Medical Marijuana patient and possessor Jason Lauve, who was slammed on a ski slope by a snowboarder four years ago and who has been hobbled and in pain ever since, was targeted by authorities based on a complaint filed by one of his Longmont neighbors. Lauve was charged with felony drug crimes. Yesterday, a year after the police raided his home, he was acquitted in a Boulder County courtroom by a jury that seemed as sympathetic to Lauve as it was frustrated by and suspicious of the weak case presented by state attorneys.
Lauve was charged mainly with possessing too much pot. The case was based on constitutional language deriving from Amendment 20, passed in 2000, which states that patients may possess no more than 2 ounces of useable marijuana and six plants.
Police confiscated roughly 2 pounds of marijuana from Lauve’s home, mostly plants kept in garbage bags in the garage.
Lauve’s lawyers, however, as well as state medical marijuana advocate groups, pointed out the selective way authorities chose to read the law.
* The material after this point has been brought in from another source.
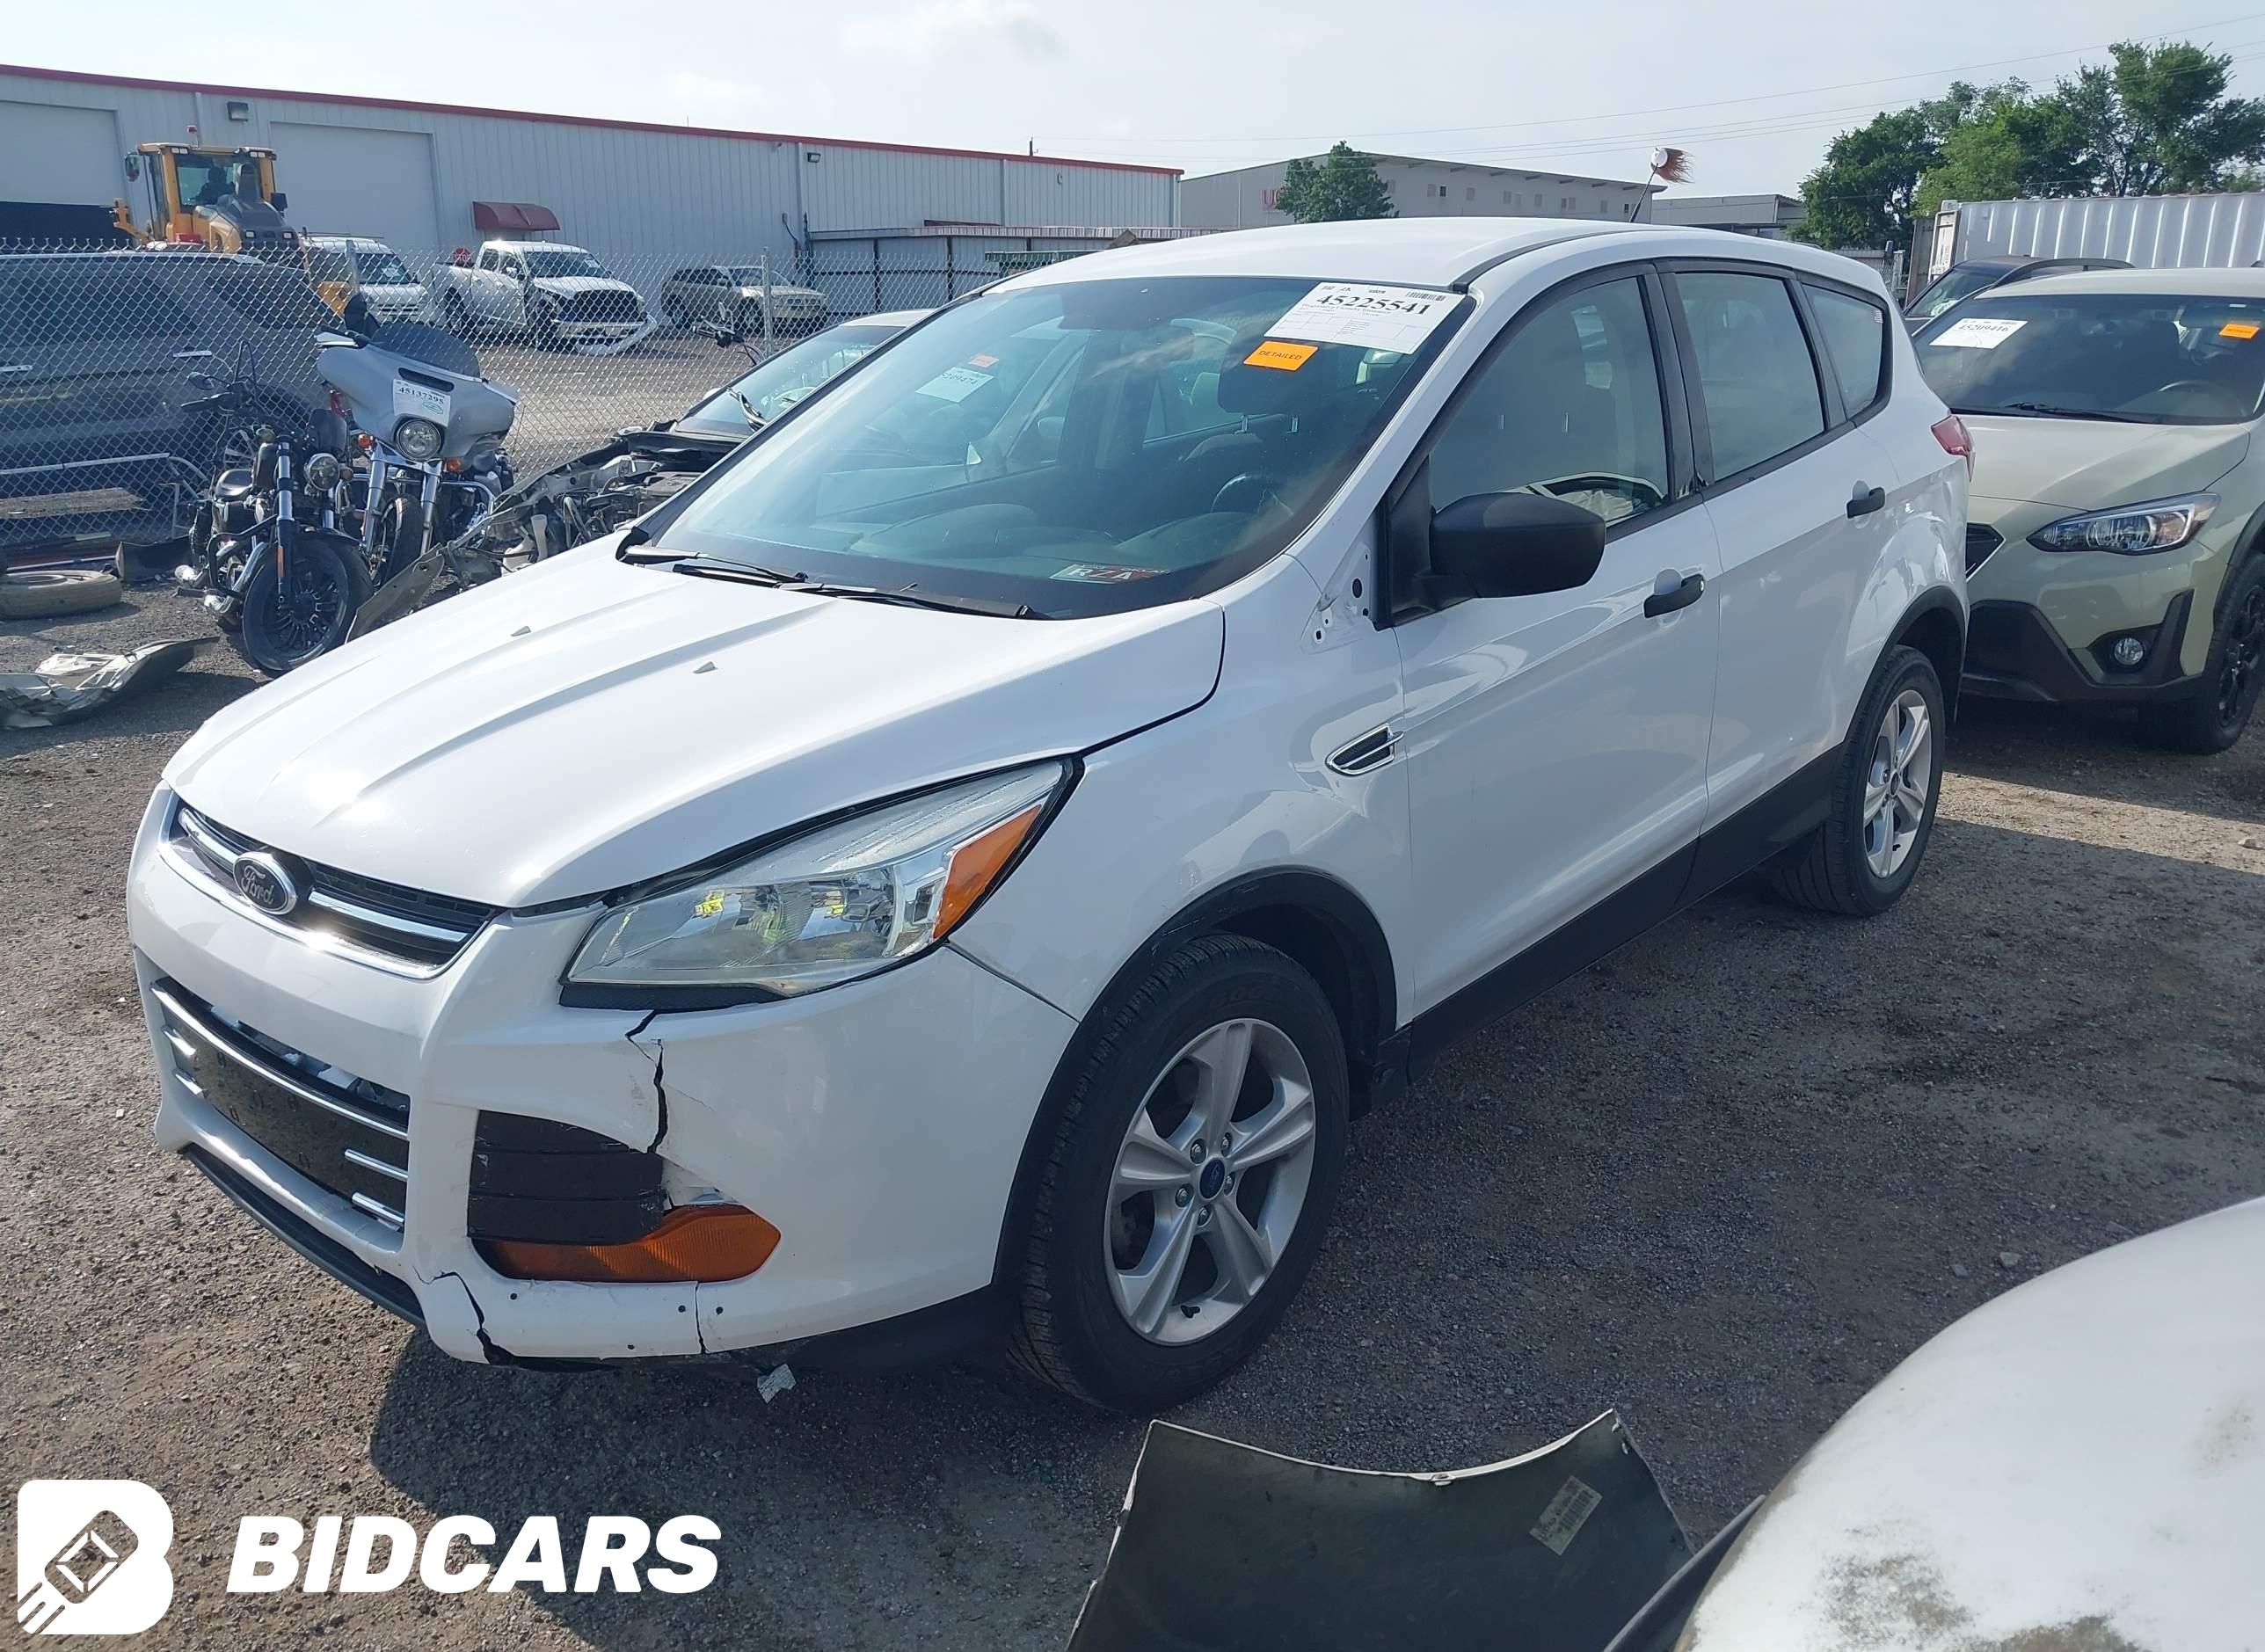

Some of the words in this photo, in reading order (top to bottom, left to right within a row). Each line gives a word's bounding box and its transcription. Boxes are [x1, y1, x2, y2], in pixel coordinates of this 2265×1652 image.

[1316, 295, 1431, 315] 45225541
[1258, 350, 1302, 360] DETAILED
[398, 387, 445, 404] 45137295
[241, 865, 275, 905] Ford
The full language of the possession clauses provides great leeway for patients and doctors to decide on the amount of marijuana prescribed in each case.
(4) (a) A patient may engage in the medical use of marijuana, with no more marijuana than is medically necessary to address a debilitating medical condition. A patient’s medical use of marijuana, within the following limits, is lawful:
(I) No more than two ounces of a usable form of marijuana; and
(II) No more than six marijuana plants, with three or fewer being mature, flowering plants that are producing a usable form of marijuana.(b) For quantities of marijuana in excess of these amounts, a patient or his or her primary care-giver may raise as an affirmative defense to charges of violation of state law that such greater amounts were medically necessary to address the patient’s debilitating medical condition.
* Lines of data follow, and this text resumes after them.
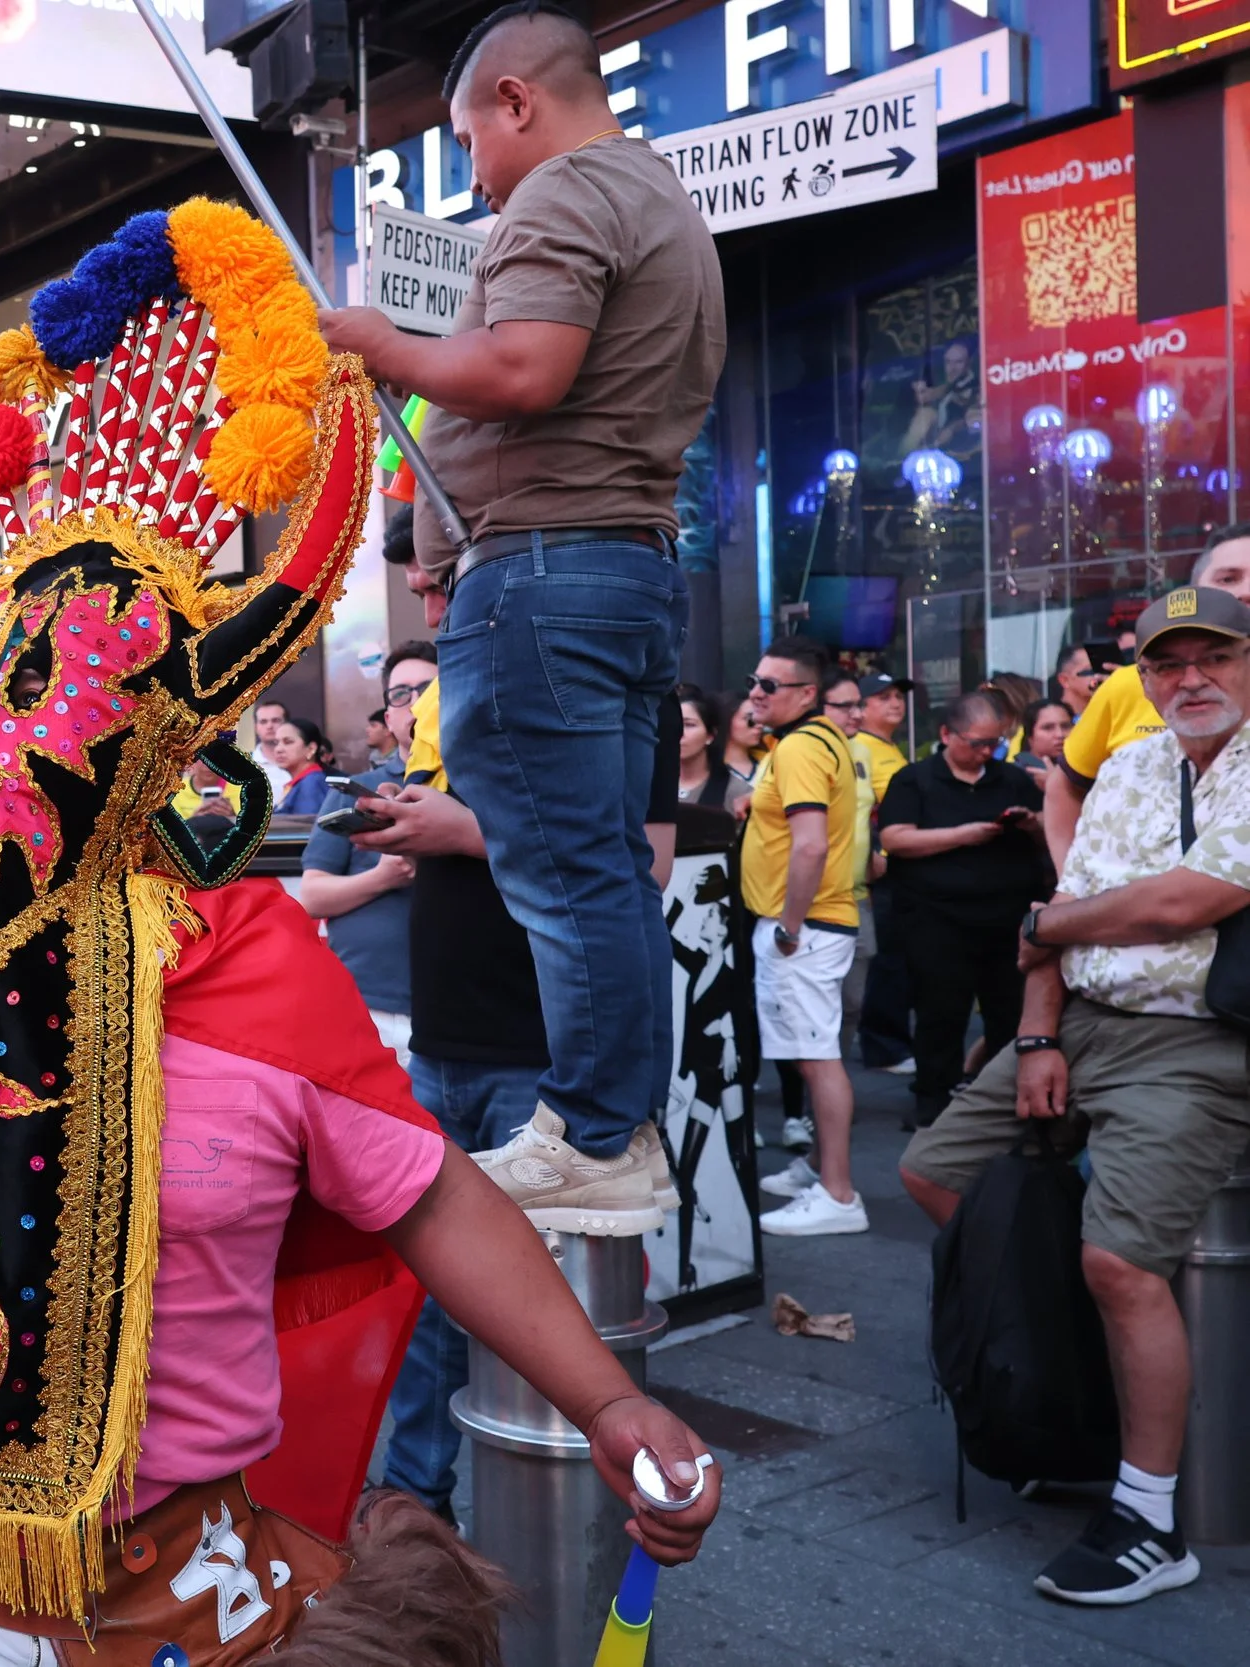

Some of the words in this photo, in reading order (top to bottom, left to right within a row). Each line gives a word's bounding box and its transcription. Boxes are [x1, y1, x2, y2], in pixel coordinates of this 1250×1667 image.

[664, 133, 752, 180] TRIAN
[763, 114, 832, 160] FLOW
[844, 95, 916, 142] ZONE
[381, 270, 420, 311] KEEP
[427, 281, 468, 319] MOVI
The Boulder Daily Camera reported from the courtroom:
Jury foreman Roger Grady said after the trial that he and his 11 colleagues simply attempted to interpret the state law as “common men” would…
“We don’t know what the limit is for medical marijuana, and the prosecution didn’t produce anyone who knew what that limit was,” he said.
If prosecutors were using Lauve as a “test case” for how the state’s medical marijuana law should be applied, Grady said, they chose the wrong man. Grady accused prosecutors of not doing their “homework” and bringing a relatively weak case against Lauve.
“We thought, ‘This guy is doing everything in the law as it was written,'” Grady said.
Boulder County District Attorney Stan Garnett said his office will not appeal. He added that he didn’t see the case as a way to test the state’s laws on the matter. But in her closing arguments, prosecuting attorney Karen Lorenz told the jury that if Lauve was found innocent, then Colorado patients and caregivers would have license to possess as much pot as they wanted to possess.
Marijuana advocacy group Colorado 420 Coalition also interviewed Foreman Grady:
They said that he could have had “a ton” and they would have acquitted him because the DA presented no evidence that the amount he had was not medically necessary. The foreman also said that there were only three people that were undecided when they took their initial poll in the jury room. So it wasn’t even close. [This is a] victory for all medicinal cannabis patients in Colorado. A very intelligent jury has ruled that Article 18, Section 14 of the Colorado Constitution allows a patient to determine what amounts are medically necessary to treat their condition.
“Rolling out of the Boulder County Justice Center in a wheelchair Thursday with a jumble of once-confiscated pot in his lap, Jason Lauve smiled and waved to supporters,” reported the Camera.
Comments are closed.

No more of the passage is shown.